- Records provided -
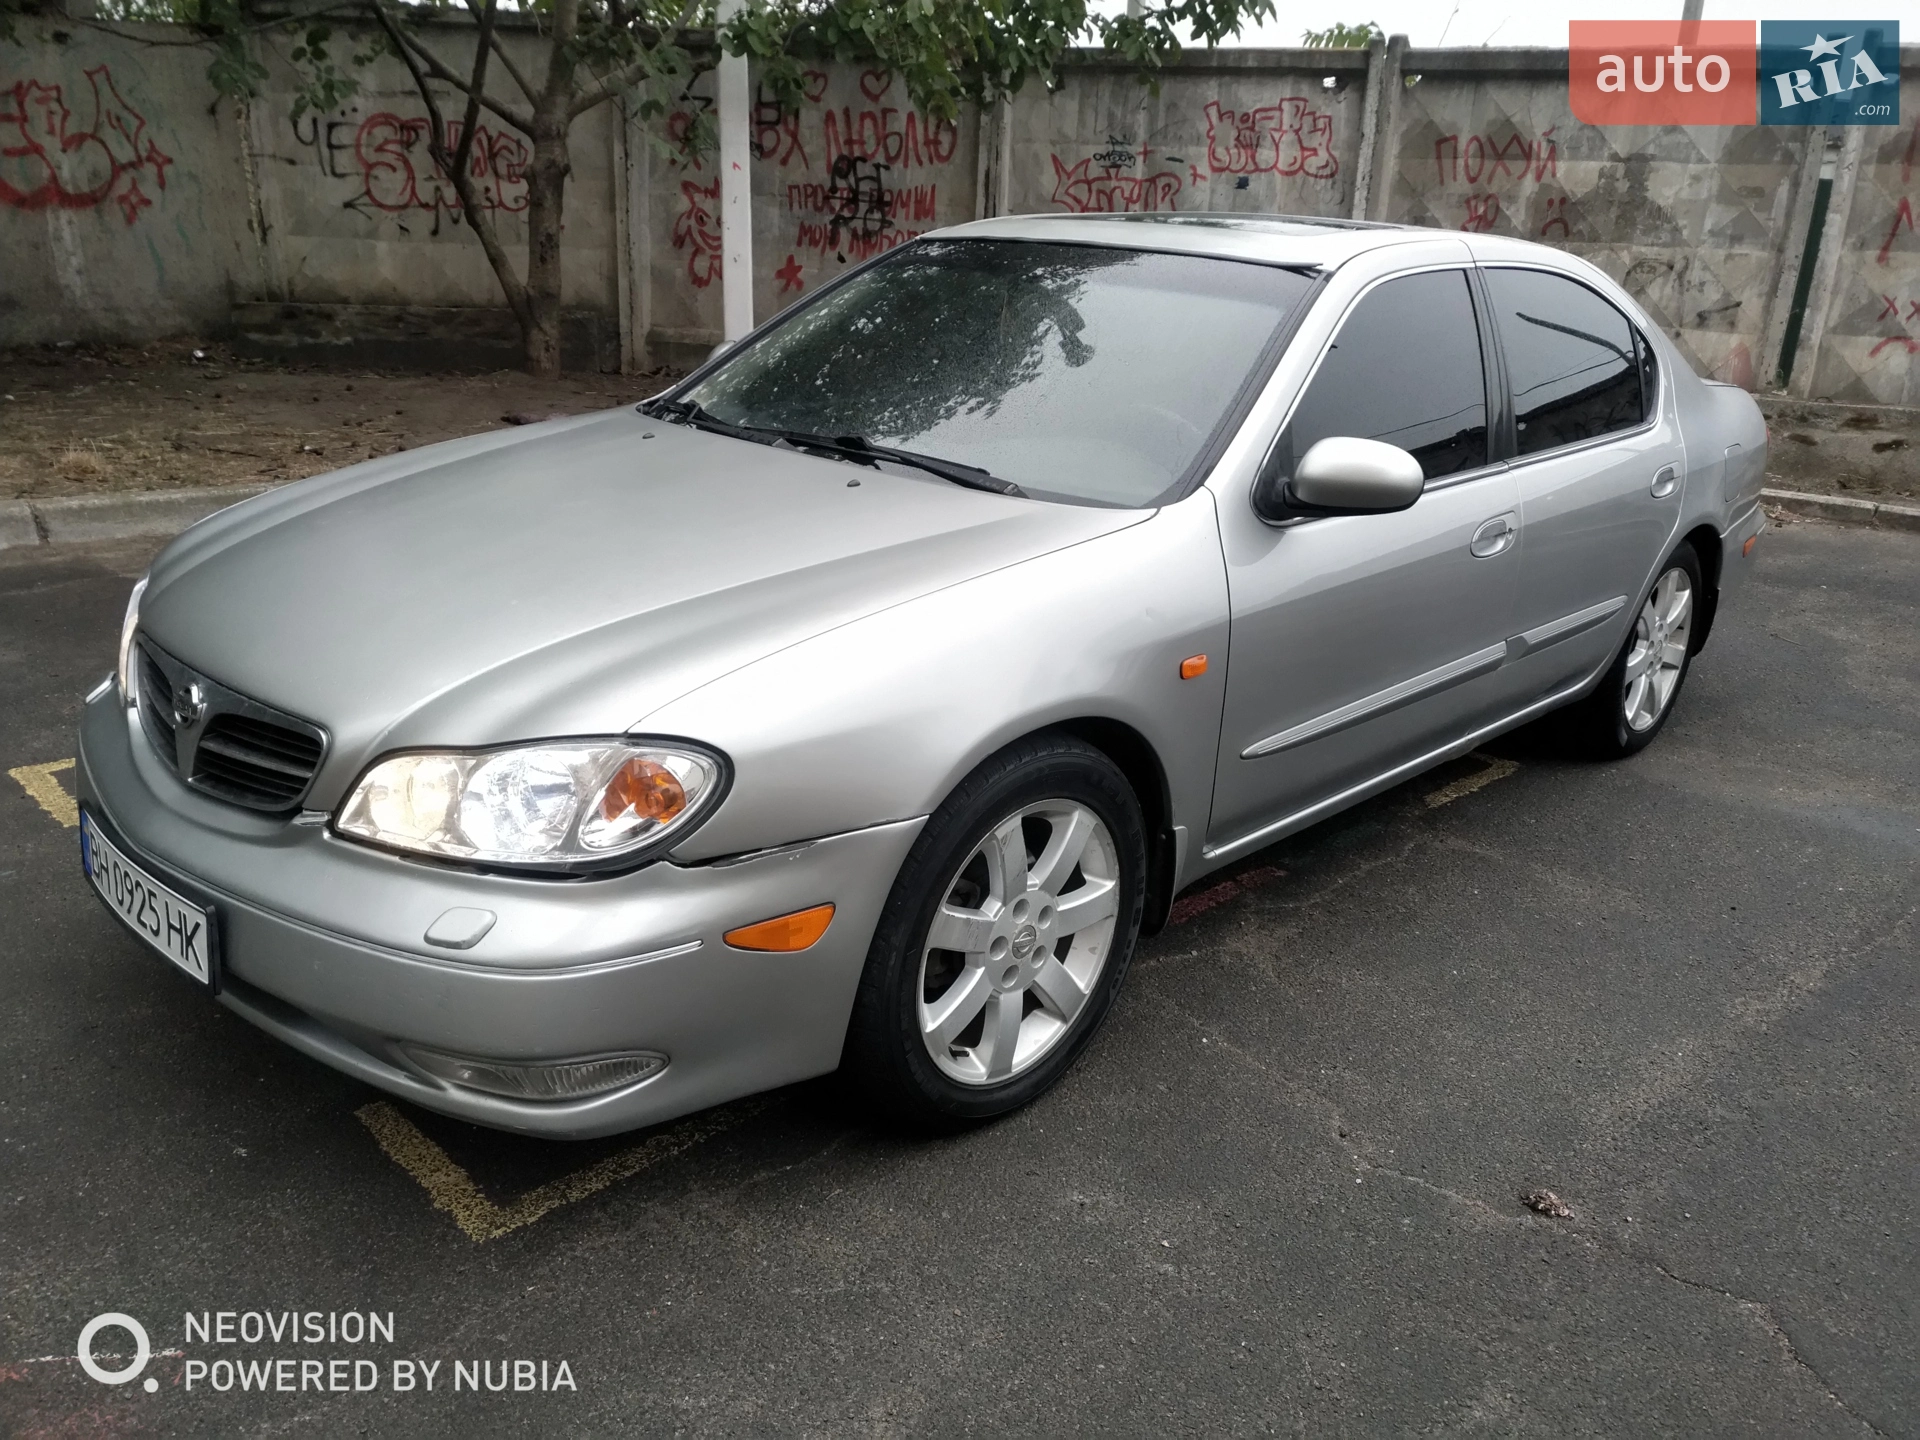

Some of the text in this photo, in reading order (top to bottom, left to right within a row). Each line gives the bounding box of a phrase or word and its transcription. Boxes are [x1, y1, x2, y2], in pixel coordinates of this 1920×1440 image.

[824, 106, 958, 175] ЛЮБЛЮ
[89, 829, 204, 973] BH 0925 HK
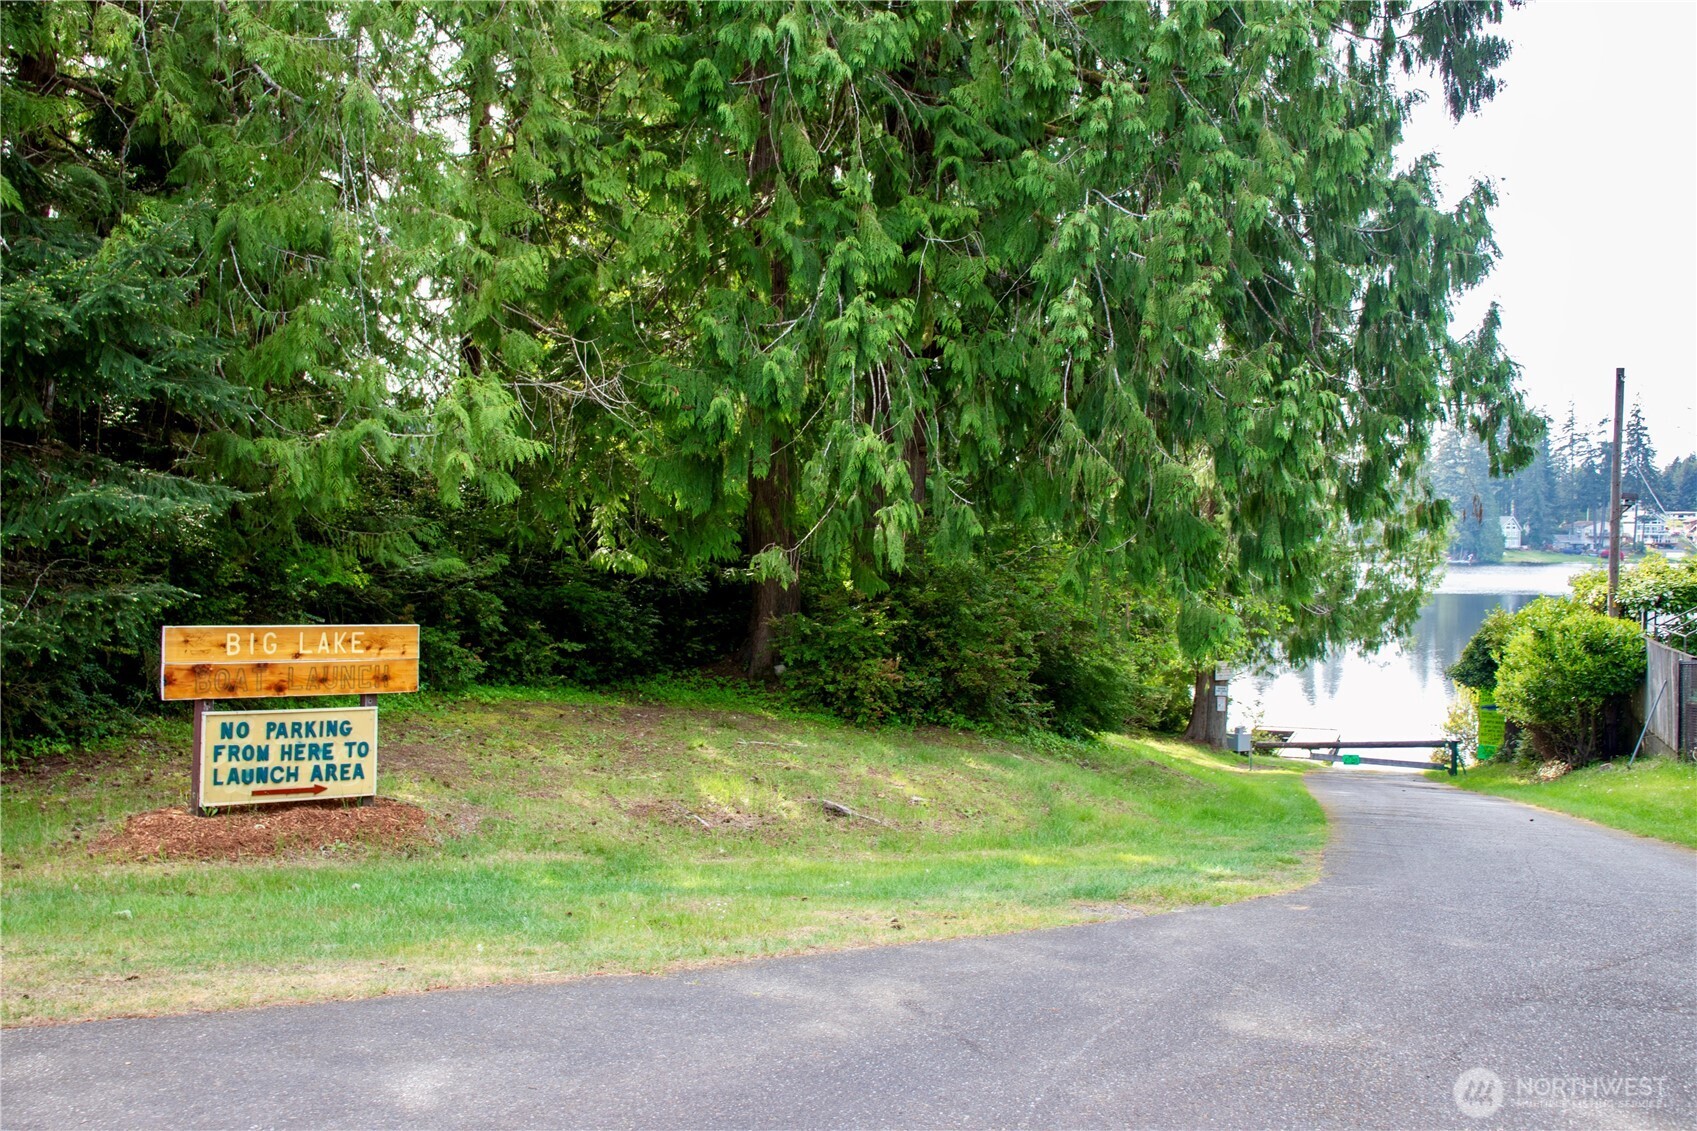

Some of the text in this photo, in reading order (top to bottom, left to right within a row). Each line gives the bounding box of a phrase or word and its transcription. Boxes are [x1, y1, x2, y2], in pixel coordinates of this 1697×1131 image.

[226, 631, 365, 656] BIG LAKE
[194, 665, 389, 694] BOAT LAUNCH
[220, 720, 353, 740] NO PARKING
[213, 741, 370, 763] FROM HERE TO
[213, 763, 365, 786] LAUNCH AREA

- Requirement -
Lines are to be repeated exactly from the one that contains "this 1697×1131 image." through the last line of the listing, with both ends kept and no others added.

- Worked solution -
Some of the text in this photo, in reading order (top to bottom, left to right within a row). Each line gives the bounding box of a phrase or word and its transcription. Boxes are [x1, y1, x2, y2], in pixel coordinates of this 1697×1131 image.

[226, 631, 365, 656] BIG LAKE
[194, 665, 389, 694] BOAT LAUNCH
[220, 720, 353, 740] NO PARKING
[213, 741, 370, 763] FROM HERE TO
[213, 763, 365, 786] LAUNCH AREA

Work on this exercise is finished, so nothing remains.